Records for this task:

☆ ☆ ☆ ☆ ☆

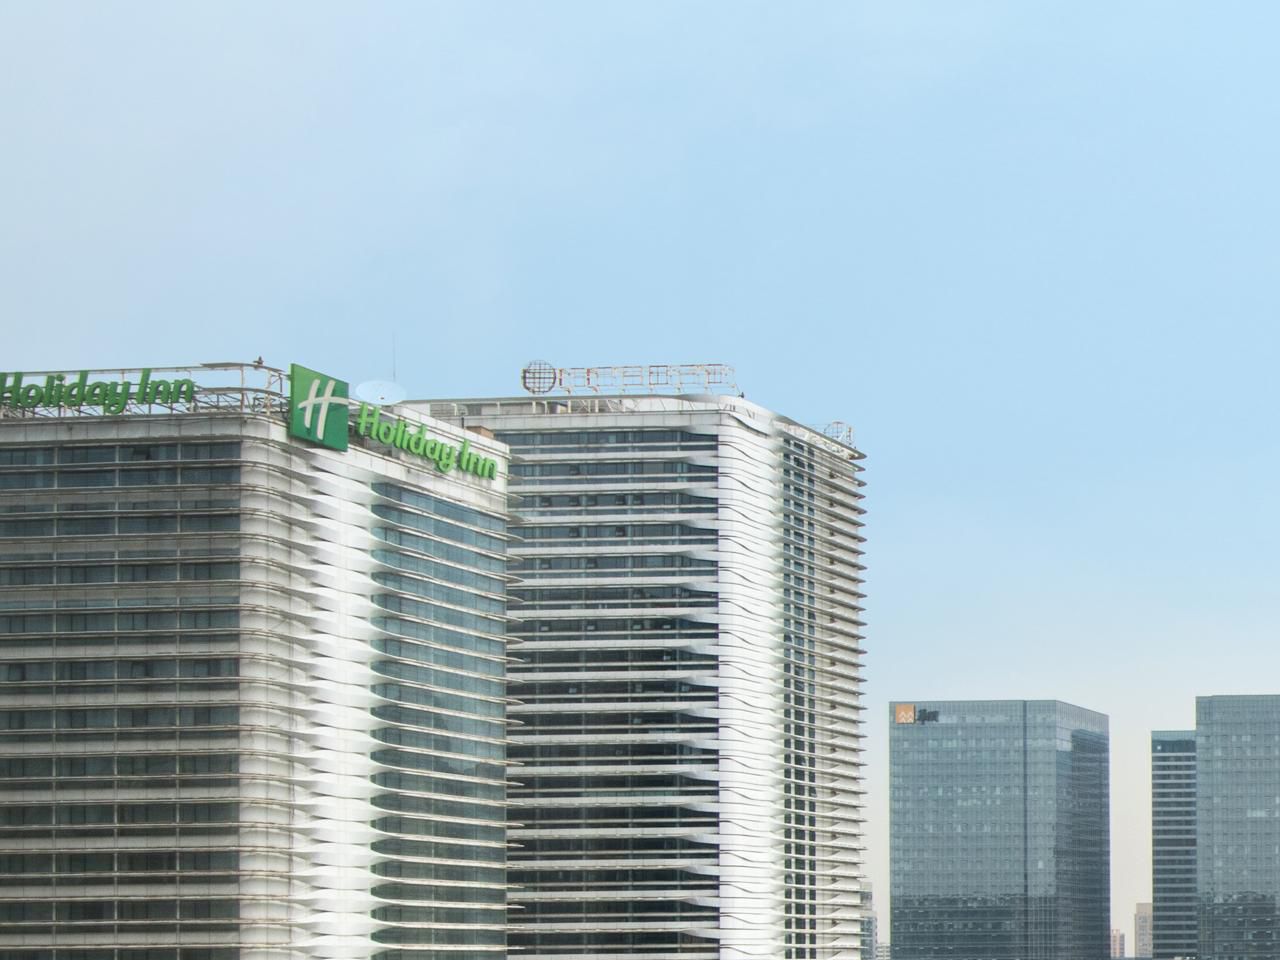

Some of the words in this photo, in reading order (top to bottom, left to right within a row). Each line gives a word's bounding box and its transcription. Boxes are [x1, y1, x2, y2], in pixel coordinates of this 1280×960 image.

[0, 368, 131, 414] Holiday
[136, 368, 195, 404] Inn
[357, 403, 456, 473] Holiday
[460, 439, 498, 480] Inn
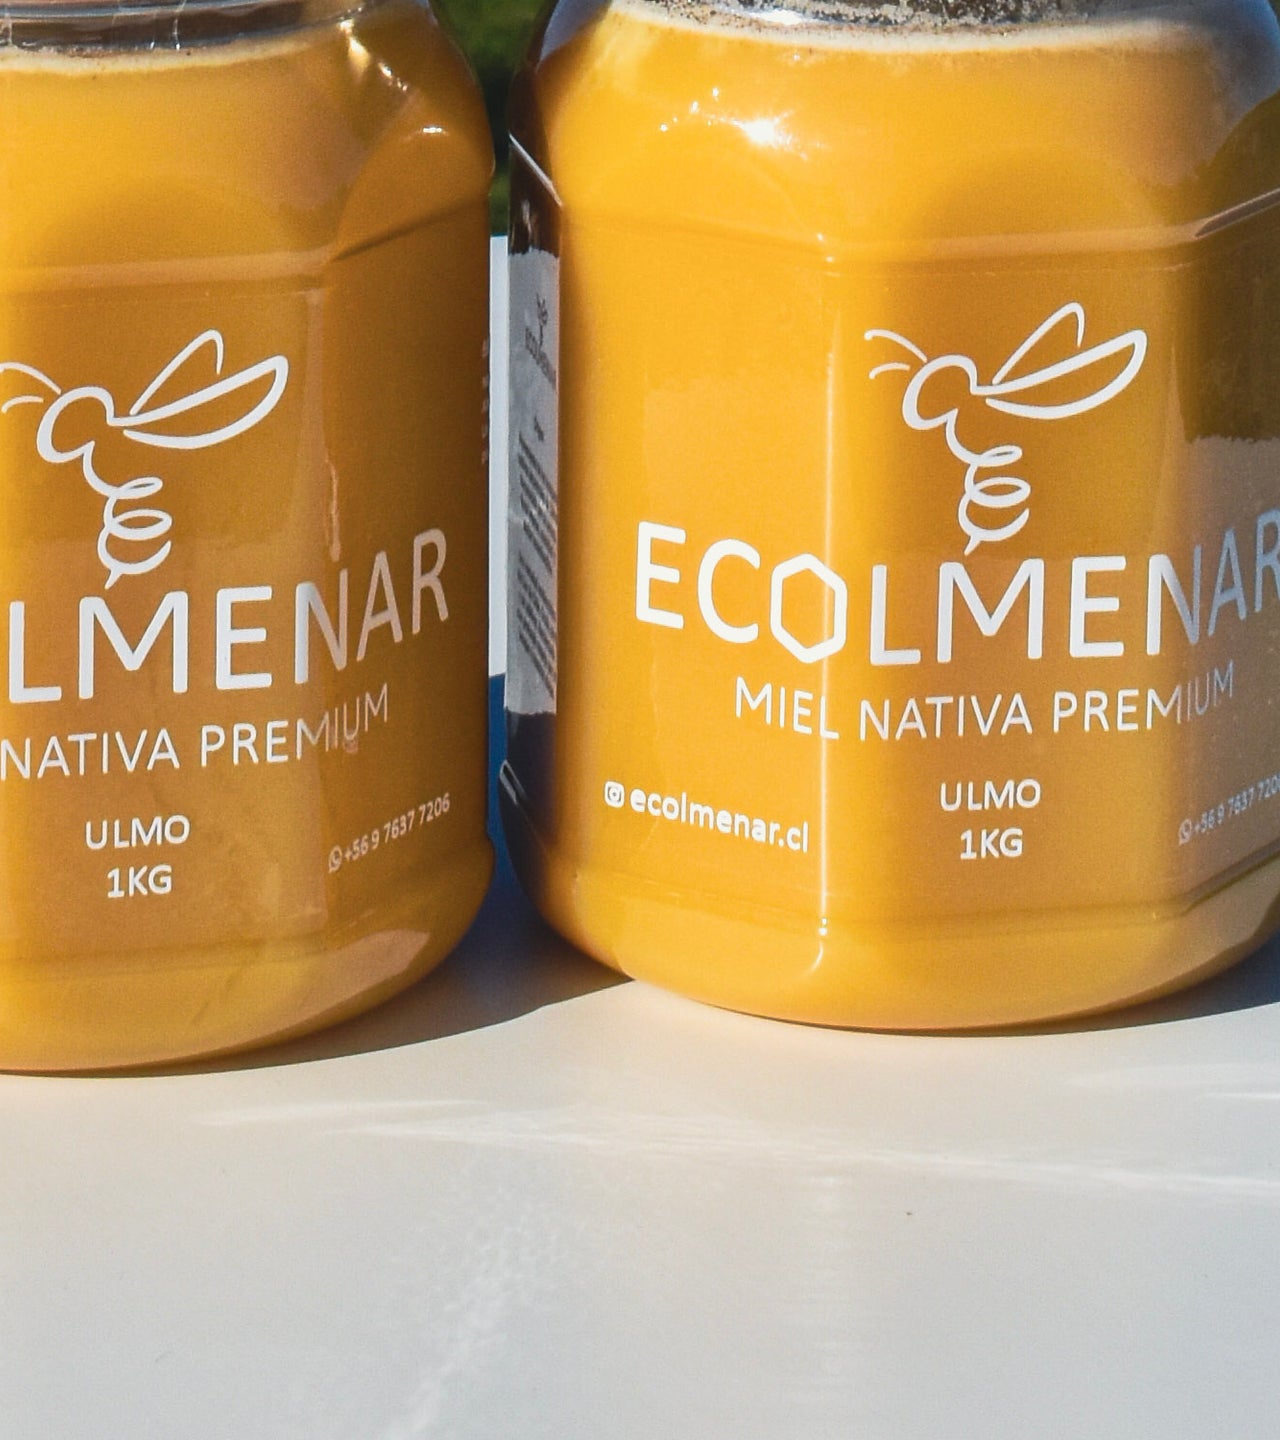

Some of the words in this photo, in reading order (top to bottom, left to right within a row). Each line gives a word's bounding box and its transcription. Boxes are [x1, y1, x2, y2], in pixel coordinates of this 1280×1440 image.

[735, 675, 840, 741] MIEL
[860, 687, 1032, 741] NATIVA
[1053, 659, 1235, 733] PREMIUM
[0, 727, 180, 782] NATIVA
[200, 682, 389, 769] PREMIUM
[939, 777, 1042, 813] ULMO
[85, 814, 191, 852] ULMO
[344, 835, 369, 862] +56
[371, 829, 380, 850] 9
[384, 810, 415, 843] 7637
[419, 792, 450, 826] 7206
[959, 826, 1023, 860] 1KG
[106, 865, 174, 899] 1KG

☆ ☆ ☆ ☆ ☆

Activity: Now transcribe all the entries above exactly, so that no picture is carried over.

Response to the exercise:
Some of the words in this photo, in reading order (top to bottom, left to right within a row). Each line gives a word's bounding box and its transcription. Boxes are [x1, y1, x2, y2], in pixel coordinates of this 1280×960 image.

[0, 368, 131, 414] Holiday
[136, 368, 195, 404] Inn
[357, 403, 456, 473] Holiday
[460, 439, 498, 480] Inn

Some of the words in this photo, in reading order (top to bottom, left to right within a row). Each line gives a word's bounding box and its transcription. Boxes are [x1, y1, x2, y2], in pixel coordinates of this 1280×1440 image.

[735, 675, 840, 741] MIEL
[860, 687, 1032, 741] NATIVA
[1053, 659, 1235, 733] PREMIUM
[0, 727, 180, 782] NATIVA
[200, 682, 389, 769] PREMIUM
[939, 777, 1042, 813] ULMO
[85, 814, 191, 852] ULMO
[344, 835, 369, 862] +56
[371, 829, 380, 850] 9
[384, 810, 415, 843] 7637
[419, 792, 450, 826] 7206
[959, 826, 1023, 860] 1KG
[106, 865, 174, 899] 1KG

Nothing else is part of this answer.